The manuscript tackles a genuine knowledge gap as highlighted by de Vienne et al. (2007). It is well written and arguments follow a logical order making its predictions and conclusions easy to interpret.
The model presented is fairly simple and makes some large assumptions: the most obvious being that parasites are host specific and that speciation only occurs when host speciation does. This limits the model's predictive power for a large swathe of parasites; however, the authors are upfront with the limitations of their model and its application to more host-specific parasites. This is not a strong criticism (I will spare you the George Box quotation).

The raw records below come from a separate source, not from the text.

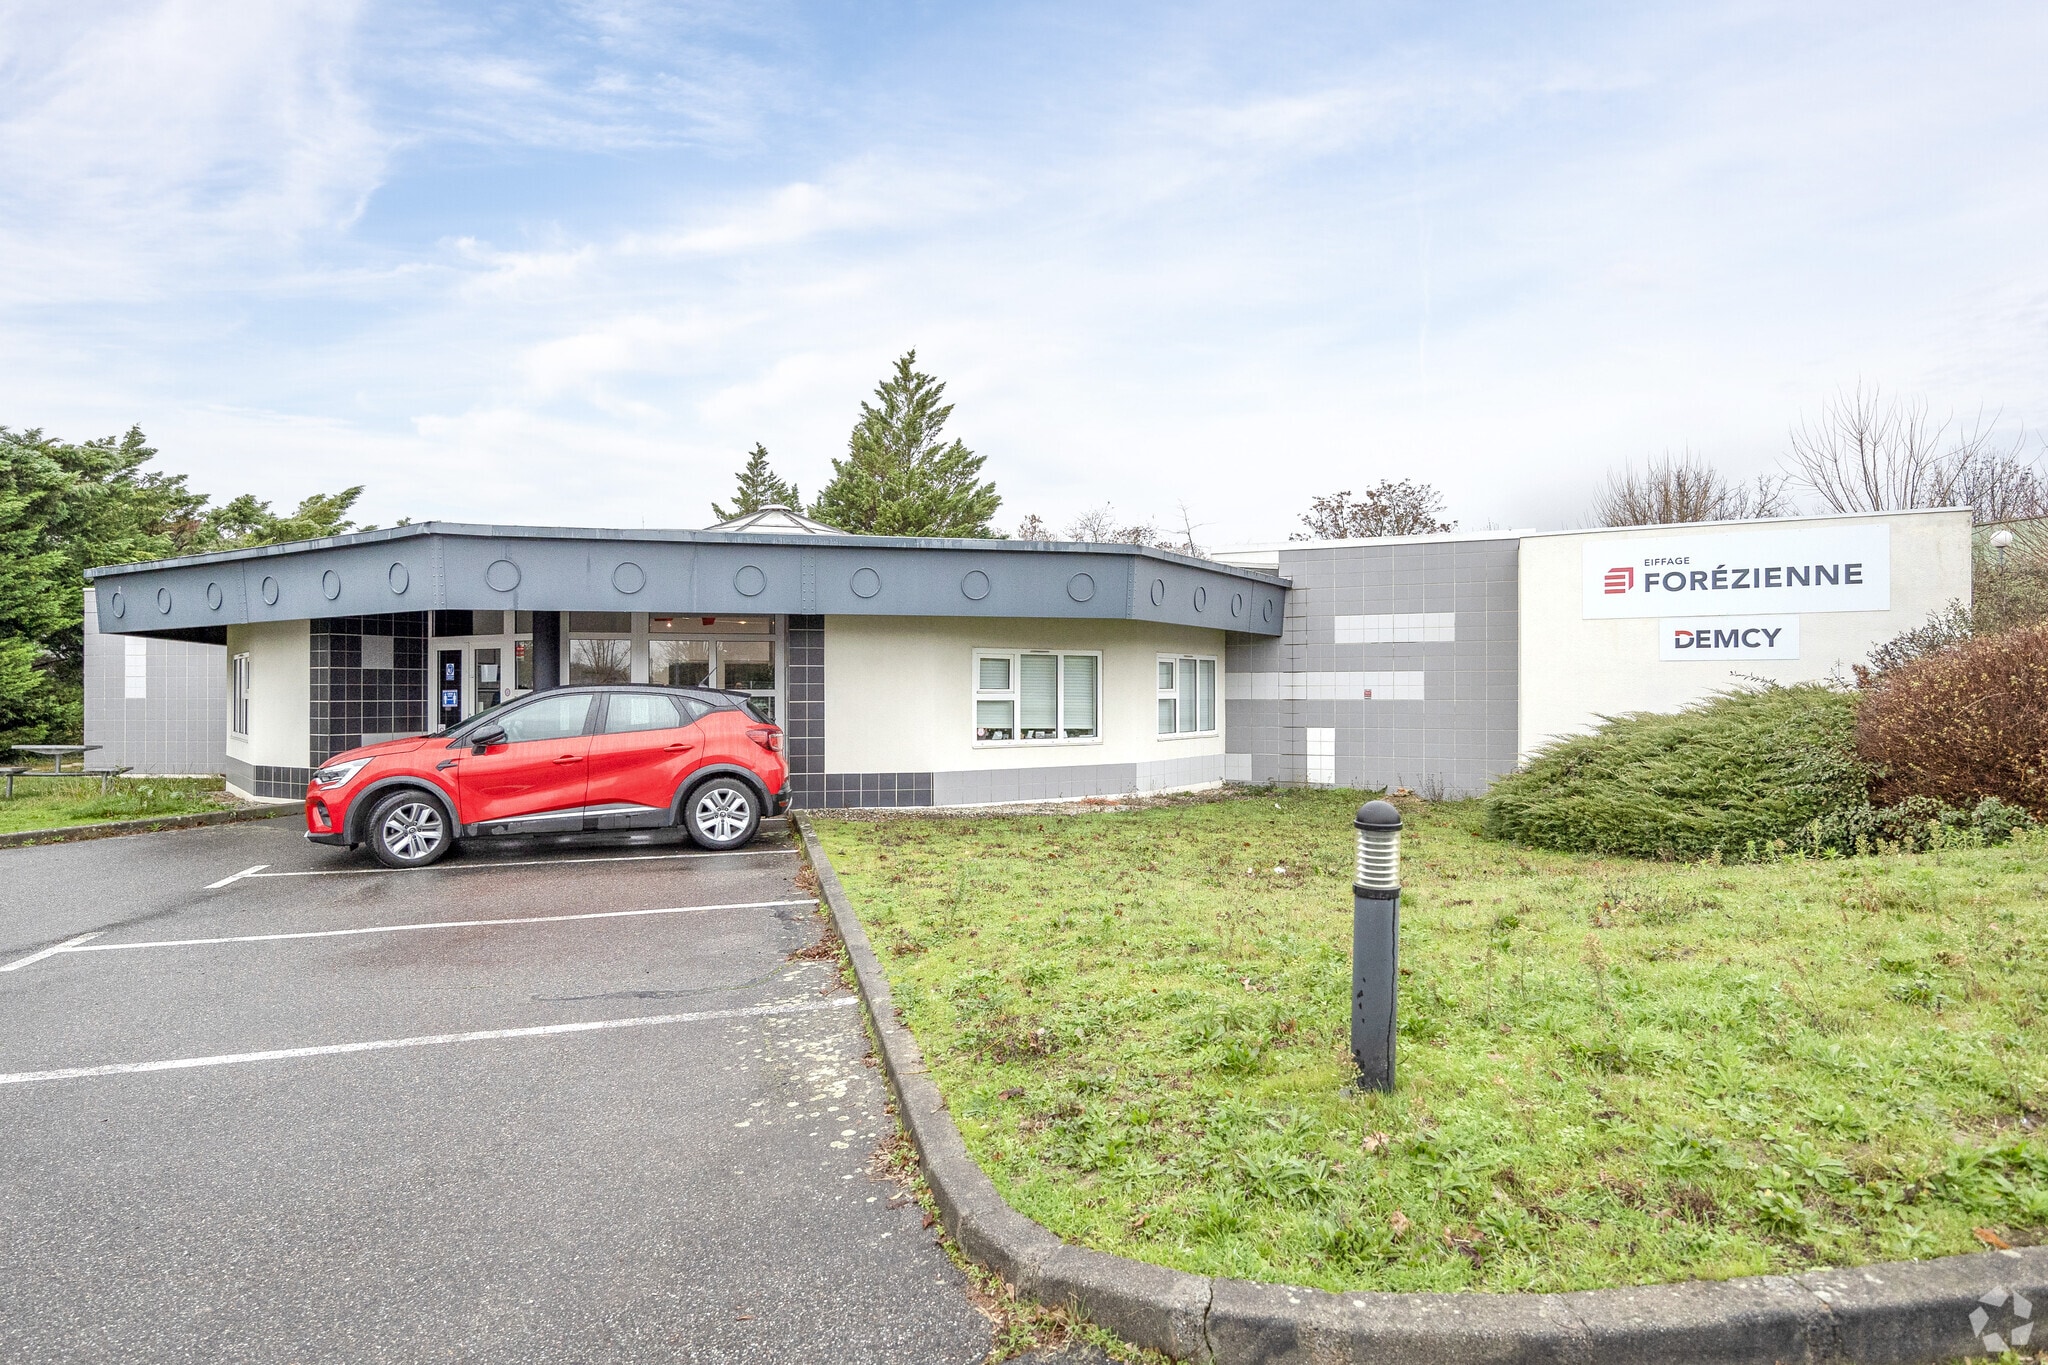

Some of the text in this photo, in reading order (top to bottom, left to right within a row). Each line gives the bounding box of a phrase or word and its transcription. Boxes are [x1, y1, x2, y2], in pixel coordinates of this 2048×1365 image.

[1644, 557, 1690, 566] EIFFAGE
[1645, 563, 1863, 592] FORÉZIENNE
[1674, 628, 1782, 649] DEMCY
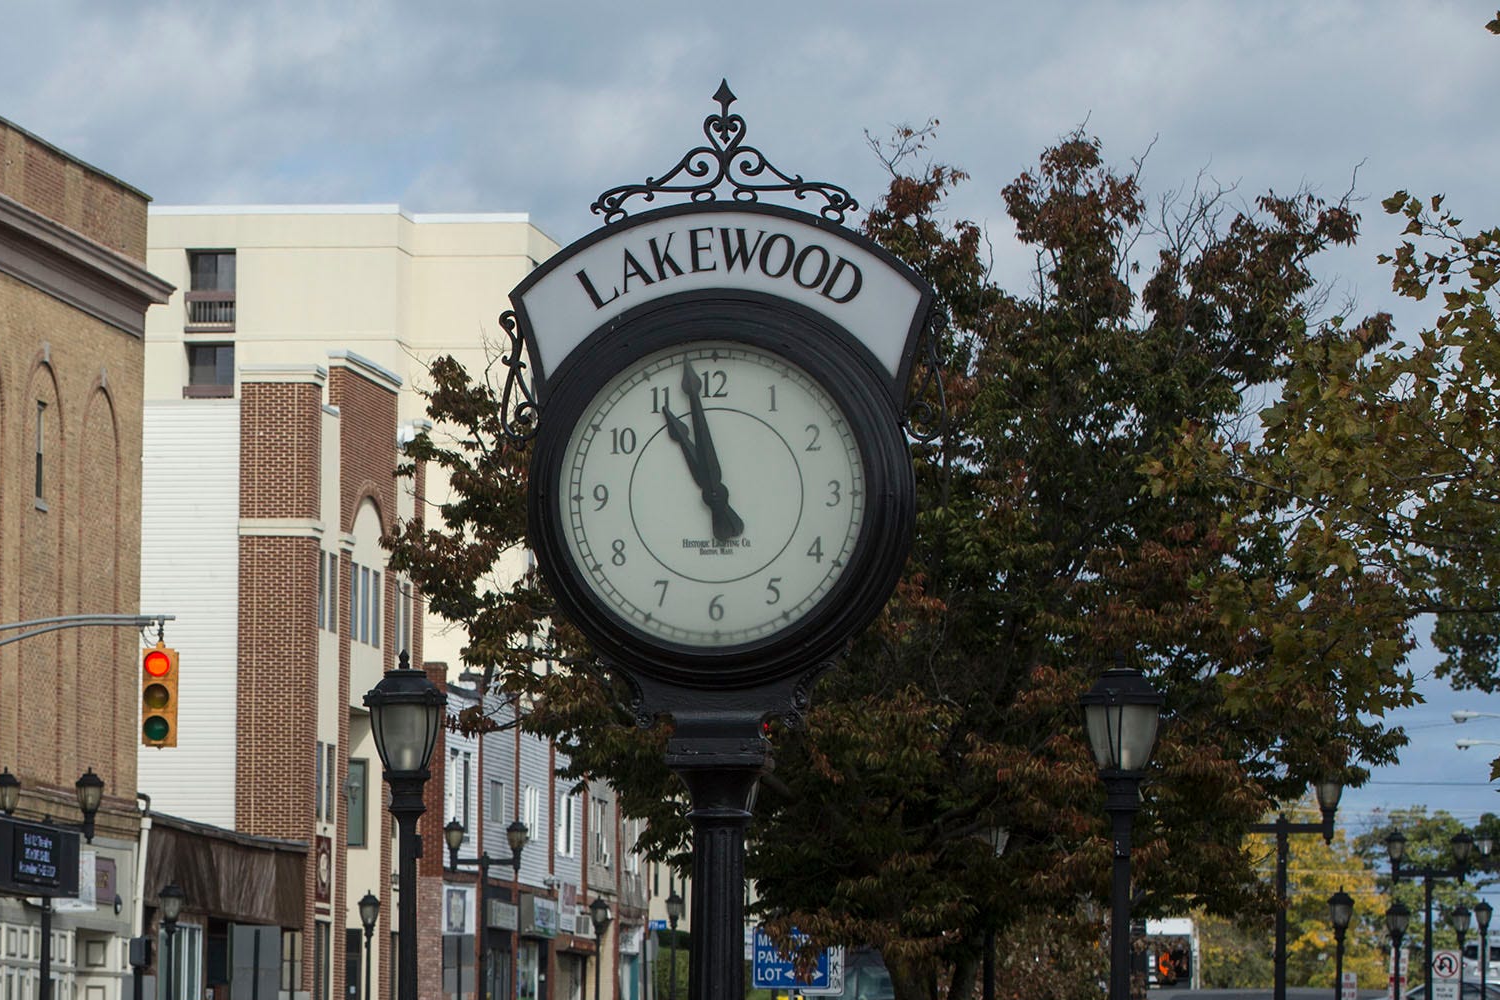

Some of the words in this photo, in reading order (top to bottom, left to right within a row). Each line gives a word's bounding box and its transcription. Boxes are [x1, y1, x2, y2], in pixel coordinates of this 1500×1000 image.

[574, 227, 863, 310] LAKEWOOD
[701, 370, 728, 398] 12
[651, 387, 670, 413] 11
[768, 385, 777, 412] 1
[610, 427, 636, 454] 10
[804, 424, 821, 451] 2
[592, 484, 608, 511] 9
[825, 480, 841, 507] 3
[611, 540, 626, 566] 8
[807, 536, 823, 563] 4
[653, 580, 669, 607] 7
[766, 577, 781, 605] 5
[708, 594, 724, 621] 6
[757, 968, 782, 981] LOT

One general comment is that there seems to be a strong reference to supplementary figures throughout the paper. I’m aware figure space is limited, but this may make reading the results a little difficult depending on the eventual format of the paper when published (some elaborated below).
Minor Comments: - 236. Introduce abbreviation: “Most recent common ancestor (MRCA)” - 249/Figure2. I would like to see in the main text the comparison of fig. 2 to figure S1, especially 2D vs S1D. The distribution of correlation coefficients between parasite and host with and without PDE seems like an important result that deserves to be in the main text.
- 309/Figure 5 (y-axis). Combination of 'parasite survival' and 'number of infected hosts'. Parasites must survive to be counted as infecting at the end of the simulation but are 'probability of survival' and 'number of hosts infected' the same thing or a combined measure? Please clarify or relabel.